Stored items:
== == ==
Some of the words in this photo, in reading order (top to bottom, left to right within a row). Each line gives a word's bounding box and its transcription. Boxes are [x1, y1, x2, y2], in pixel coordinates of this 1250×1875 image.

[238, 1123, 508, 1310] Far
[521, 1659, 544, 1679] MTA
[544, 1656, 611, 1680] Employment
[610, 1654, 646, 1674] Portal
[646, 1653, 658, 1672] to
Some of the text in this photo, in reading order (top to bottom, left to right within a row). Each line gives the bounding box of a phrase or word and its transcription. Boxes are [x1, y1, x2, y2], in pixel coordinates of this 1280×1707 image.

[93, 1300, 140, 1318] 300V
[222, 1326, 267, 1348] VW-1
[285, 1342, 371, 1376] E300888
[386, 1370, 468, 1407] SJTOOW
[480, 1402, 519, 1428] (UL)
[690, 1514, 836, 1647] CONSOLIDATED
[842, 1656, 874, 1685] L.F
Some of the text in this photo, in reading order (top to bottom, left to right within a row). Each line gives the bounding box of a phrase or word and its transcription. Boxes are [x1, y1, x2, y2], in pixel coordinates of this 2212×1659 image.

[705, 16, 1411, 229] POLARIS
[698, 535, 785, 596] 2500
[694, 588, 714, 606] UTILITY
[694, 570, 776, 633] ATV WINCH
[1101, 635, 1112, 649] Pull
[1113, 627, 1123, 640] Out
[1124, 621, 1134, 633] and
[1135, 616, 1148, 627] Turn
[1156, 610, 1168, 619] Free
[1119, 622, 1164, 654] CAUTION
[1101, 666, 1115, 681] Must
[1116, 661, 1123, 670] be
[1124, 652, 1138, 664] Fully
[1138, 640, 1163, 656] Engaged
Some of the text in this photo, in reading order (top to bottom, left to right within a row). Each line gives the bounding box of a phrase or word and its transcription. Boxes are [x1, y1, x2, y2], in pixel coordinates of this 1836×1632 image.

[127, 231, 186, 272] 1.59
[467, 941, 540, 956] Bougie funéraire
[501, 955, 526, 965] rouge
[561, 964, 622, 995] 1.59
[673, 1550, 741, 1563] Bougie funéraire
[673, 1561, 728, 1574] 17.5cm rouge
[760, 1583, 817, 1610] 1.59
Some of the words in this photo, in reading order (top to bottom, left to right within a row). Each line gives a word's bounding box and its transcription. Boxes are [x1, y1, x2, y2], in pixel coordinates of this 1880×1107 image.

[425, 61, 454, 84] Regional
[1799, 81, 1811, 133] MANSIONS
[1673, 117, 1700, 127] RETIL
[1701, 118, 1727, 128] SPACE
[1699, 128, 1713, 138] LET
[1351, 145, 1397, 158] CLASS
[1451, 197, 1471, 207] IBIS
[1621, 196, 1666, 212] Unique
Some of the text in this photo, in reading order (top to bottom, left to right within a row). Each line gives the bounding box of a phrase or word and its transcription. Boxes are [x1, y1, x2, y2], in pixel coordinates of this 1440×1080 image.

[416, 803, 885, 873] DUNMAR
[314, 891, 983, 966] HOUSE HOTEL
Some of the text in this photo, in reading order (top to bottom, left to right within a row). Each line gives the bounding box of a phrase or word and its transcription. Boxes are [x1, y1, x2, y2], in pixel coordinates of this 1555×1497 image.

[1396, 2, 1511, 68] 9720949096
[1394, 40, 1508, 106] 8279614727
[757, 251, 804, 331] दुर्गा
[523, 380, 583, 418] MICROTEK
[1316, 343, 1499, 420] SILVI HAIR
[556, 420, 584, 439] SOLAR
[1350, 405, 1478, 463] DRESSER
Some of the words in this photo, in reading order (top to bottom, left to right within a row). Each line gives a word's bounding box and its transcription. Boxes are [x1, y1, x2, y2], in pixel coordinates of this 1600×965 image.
== == ==
● **EXERCISE PROMPT**
The full set of records, transcribed exactly, is the answer.

● **RESPONSE TO THE EXERCISE**
Some of the words in this photo, in reading order (top to bottom, left to right within a row). Each line gives a word's bounding box and its transcription. Boxes are [x1, y1, x2, y2], in pixel coordinates of this 1250×1875 image.

[238, 1123, 508, 1310] Far
[521, 1659, 544, 1679] MTA
[544, 1656, 611, 1680] Employment
[610, 1654, 646, 1674] Portal
[646, 1653, 658, 1672] to
Some of the text in this photo, in reading order (top to bottom, left to right within a row). Each line gives the bounding box of a phrase or word and its transcription. Boxes are [x1, y1, x2, y2], in pixel coordinates of this 1280×1707 image.

[93, 1300, 140, 1318] 300V
[222, 1326, 267, 1348] VW-1
[285, 1342, 371, 1376] E300888
[386, 1370, 468, 1407] SJTOOW
[480, 1402, 519, 1428] (UL)
[690, 1514, 836, 1647] CONSOLIDATED
[842, 1656, 874, 1685] L.F
Some of the text in this photo, in reading order (top to bottom, left to right within a row). Each line gives the bounding box of a phrase or word and its transcription. Boxes are [x1, y1, x2, y2], in pixel coordinates of this 2212×1659 image.

[705, 16, 1411, 229] POLARIS
[698, 535, 785, 596] 2500
[694, 588, 714, 606] UTILITY
[694, 570, 776, 633] ATV WINCH
[1101, 635, 1112, 649] Pull
[1113, 627, 1123, 640] Out
[1124, 621, 1134, 633] and
[1135, 616, 1148, 627] Turn
[1156, 610, 1168, 619] Free
[1119, 622, 1164, 654] CAUTION
[1101, 666, 1115, 681] Must
[1116, 661, 1123, 670] be
[1124, 652, 1138, 664] Fully
[1138, 640, 1163, 656] Engaged
Some of the text in this photo, in reading order (top to bottom, left to right within a row). Each line gives the bounding box of a phrase or word and its transcription. Boxes are [x1, y1, x2, y2], in pixel coordinates of this 1836×1632 image.

[127, 231, 186, 272] 1.59
[467, 941, 540, 956] Bougie funéraire
[501, 955, 526, 965] rouge
[561, 964, 622, 995] 1.59
[673, 1550, 741, 1563] Bougie funéraire
[673, 1561, 728, 1574] 17.5cm rouge
[760, 1583, 817, 1610] 1.59
Some of the words in this photo, in reading order (top to bottom, left to right within a row). Each line gives a word's bounding box and its transcription. Boxes are [x1, y1, x2, y2], in pixel coordinates of this 1880×1107 image.

[425, 61, 454, 84] Regional
[1799, 81, 1811, 133] MANSIONS
[1673, 117, 1700, 127] RETIL
[1701, 118, 1727, 128] SPACE
[1699, 128, 1713, 138] LET
[1351, 145, 1397, 158] CLASS
[1451, 197, 1471, 207] IBIS
[1621, 196, 1666, 212] Unique
Some of the text in this photo, in reading order (top to bottom, left to right within a row). Each line gives the bounding box of a phrase or word and its transcription. Boxes are [x1, y1, x2, y2], in pixel coordinates of this 1440×1080 image.

[416, 803, 885, 873] DUNMAR
[314, 891, 983, 966] HOUSE HOTEL
Some of the text in this photo, in reading order (top to bottom, left to right within a row). Each line gives the bounding box of a phrase or word and its transcription. Boxes are [x1, y1, x2, y2], in pixel coordinates of this 1555×1497 image.

[1396, 2, 1511, 68] 9720949096
[1394, 40, 1508, 106] 8279614727
[757, 251, 804, 331] दुर्गा
[523, 380, 583, 418] MICROTEK
[1316, 343, 1499, 420] SILVI HAIR
[556, 420, 584, 439] SOLAR
[1350, 405, 1478, 463] DRESSER
Some of the words in this photo, in reading order (top to bottom, left to right within a row). Each line gives a word's bounding box and its transcription. Boxes are [x1, y1, x2, y2], in pixel coordinates of this 1600×965 image.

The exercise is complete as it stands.